[[ Records for this exercise, beginning ]]

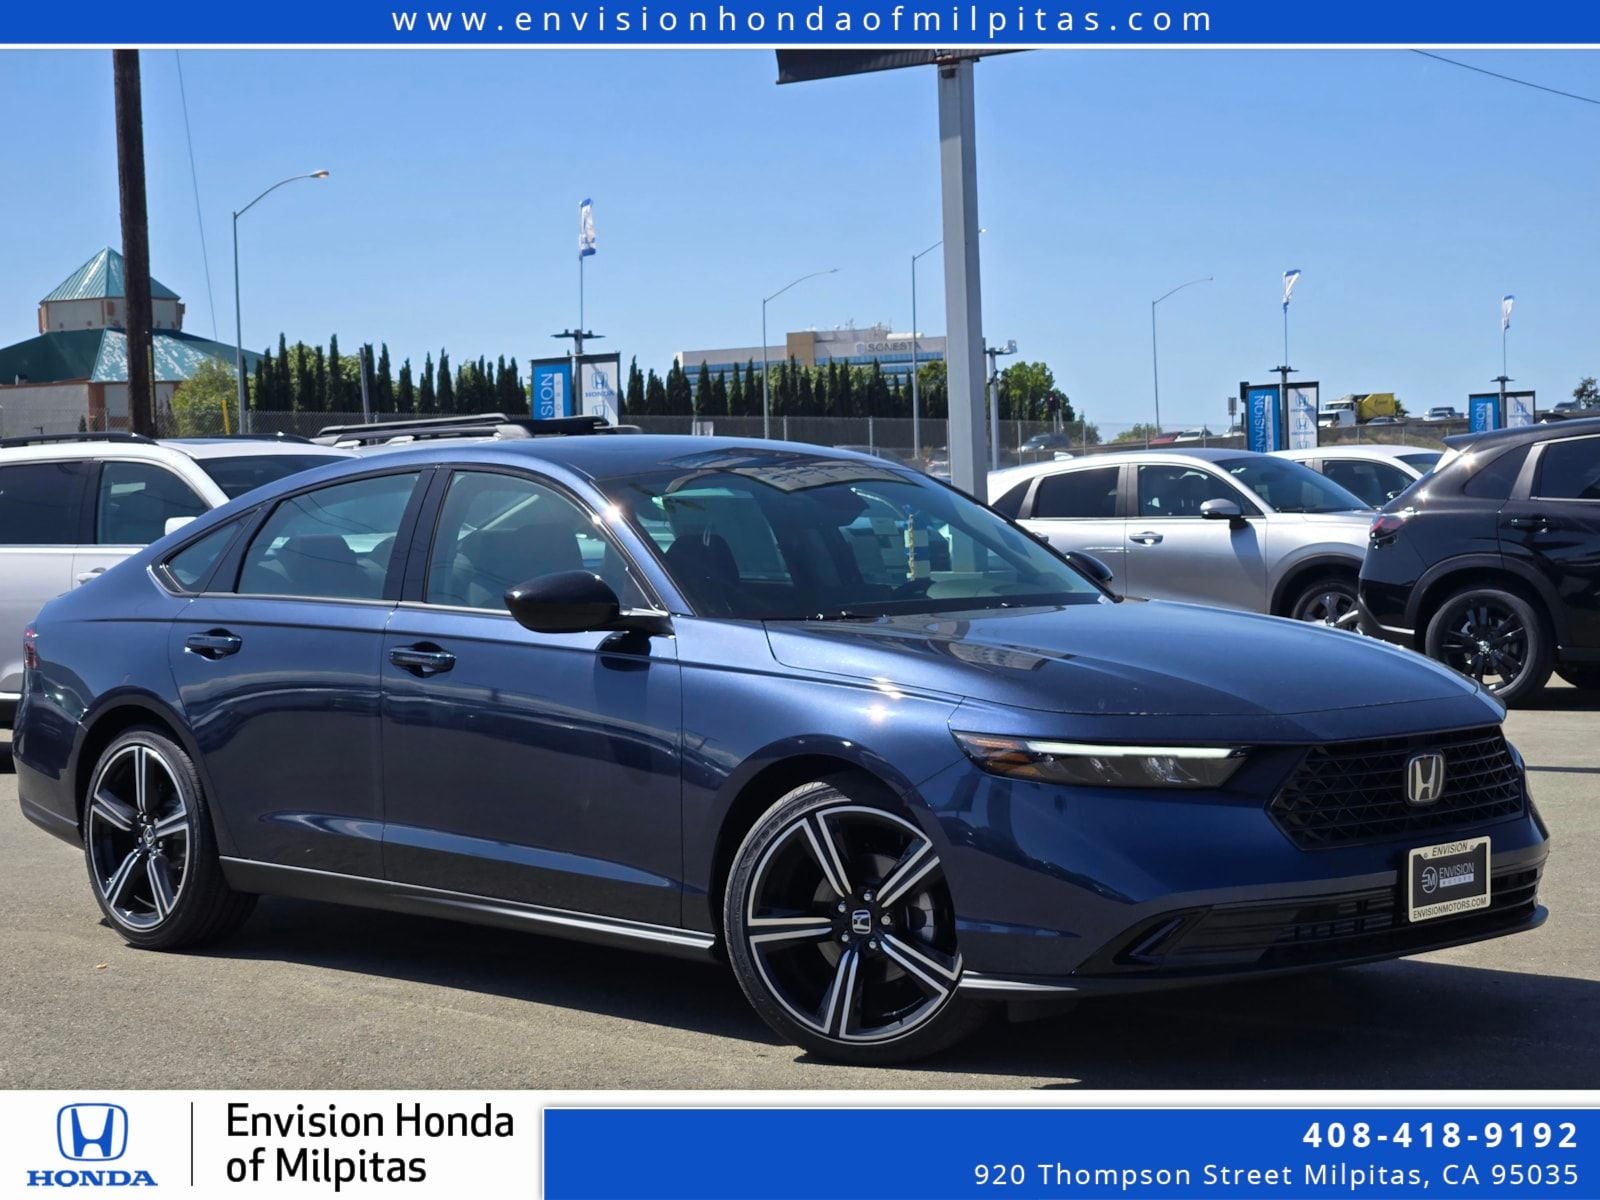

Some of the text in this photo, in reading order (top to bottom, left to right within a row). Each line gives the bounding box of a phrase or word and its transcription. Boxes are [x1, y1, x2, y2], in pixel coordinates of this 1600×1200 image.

[1475, 401, 1487, 433] SION
[1432, 842, 1468, 857] ENVISION
[1439, 862, 1475, 879] ENVISION
[1413, 896, 1487, 919] ENVISIONMOTORS.COM
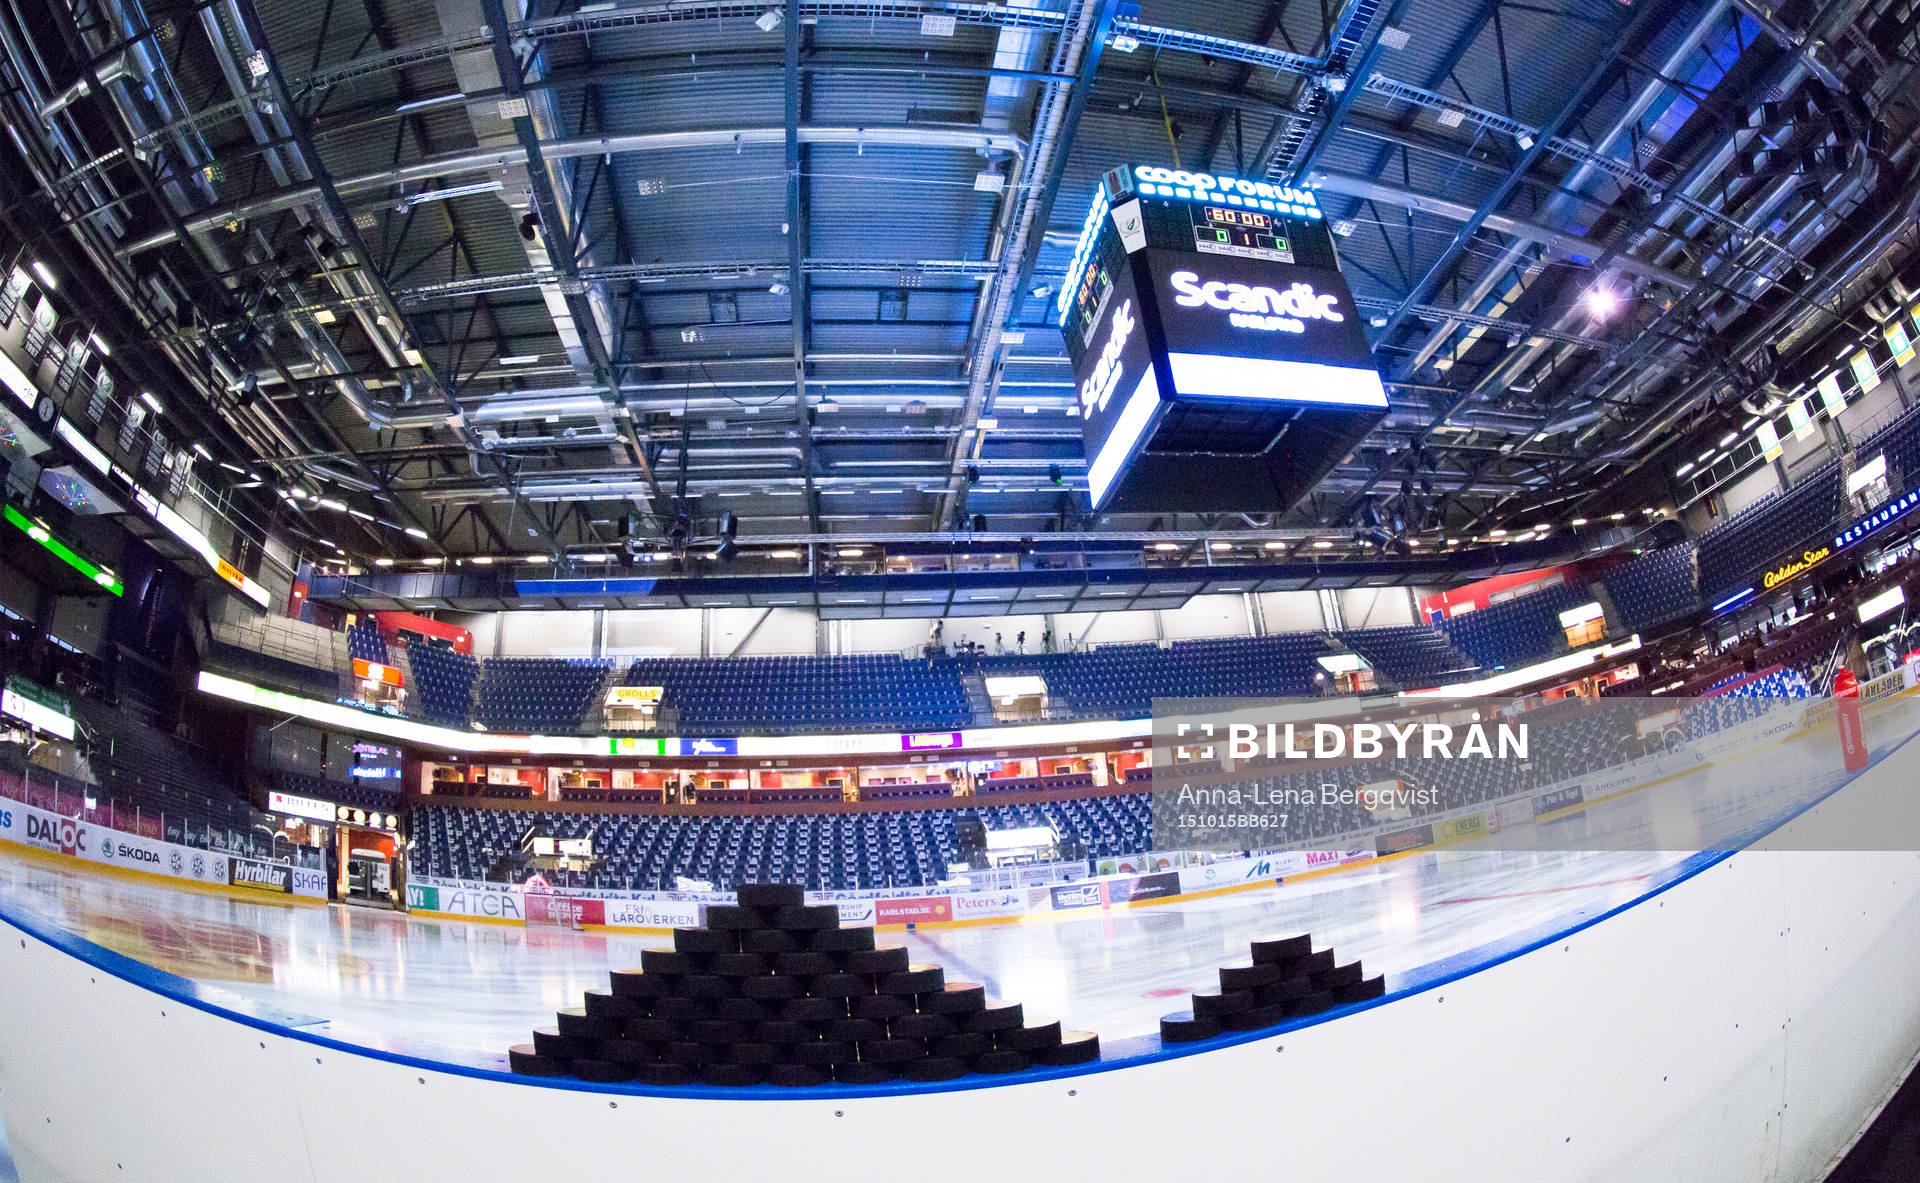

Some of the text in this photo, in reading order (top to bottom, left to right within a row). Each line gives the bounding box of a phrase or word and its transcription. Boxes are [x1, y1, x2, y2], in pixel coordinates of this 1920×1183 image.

[1217, 175, 1318, 207] FORUM
[1211, 207, 1265, 227] 60:00
[1215, 229, 1228, 243] 0
[1243, 233, 1250, 246] 1
[1275, 238, 1288, 252] 0
[1170, 270, 1344, 322] Scandic
[1835, 487, 1920, 548] RESTAURAN
[1764, 546, 1830, 588] Golden Star
[617, 689, 657, 699] GROLLS
[1594, 774, 1637, 793] Anticimex
[26, 814, 87, 852] DALOC
[118, 843, 161, 865] ŠKODA
[1306, 850, 1339, 865] MAXI
[235, 860, 287, 886] Hyrbilar
[447, 891, 520, 918] ATEA
[879, 906, 931, 917] KARLSTAD.SE
[957, 896, 997, 909] Peters
[613, 912, 694, 925] LÄROVERKEN

[[ Records for this exercise, end ]]

Action item ▸
Leaving out all lines before the one containing "this 1920×1183 image.", copy that line and the rest through the end of the listing above exactly.

Written solution ▸
Some of the text in this photo, in reading order (top to bottom, left to right within a row). Each line gives the bounding box of a phrase or word and its transcription. Boxes are [x1, y1, x2, y2], in pixel coordinates of this 1920×1183 image.

[1217, 175, 1318, 207] FORUM
[1211, 207, 1265, 227] 60:00
[1215, 229, 1228, 243] 0
[1243, 233, 1250, 246] 1
[1275, 238, 1288, 252] 0
[1170, 270, 1344, 322] Scandic
[1835, 487, 1920, 548] RESTAURAN
[1764, 546, 1830, 588] Golden Star
[617, 689, 657, 699] GROLLS
[1594, 774, 1637, 793] Anticimex
[26, 814, 87, 852] DALOC
[118, 843, 161, 865] ŠKODA
[1306, 850, 1339, 865] MAXI
[235, 860, 287, 886] Hyrbilar
[447, 891, 520, 918] ATEA
[879, 906, 931, 917] KARLSTAD.SE
[957, 896, 997, 909] Peters
[613, 912, 694, 925] LÄROVERKEN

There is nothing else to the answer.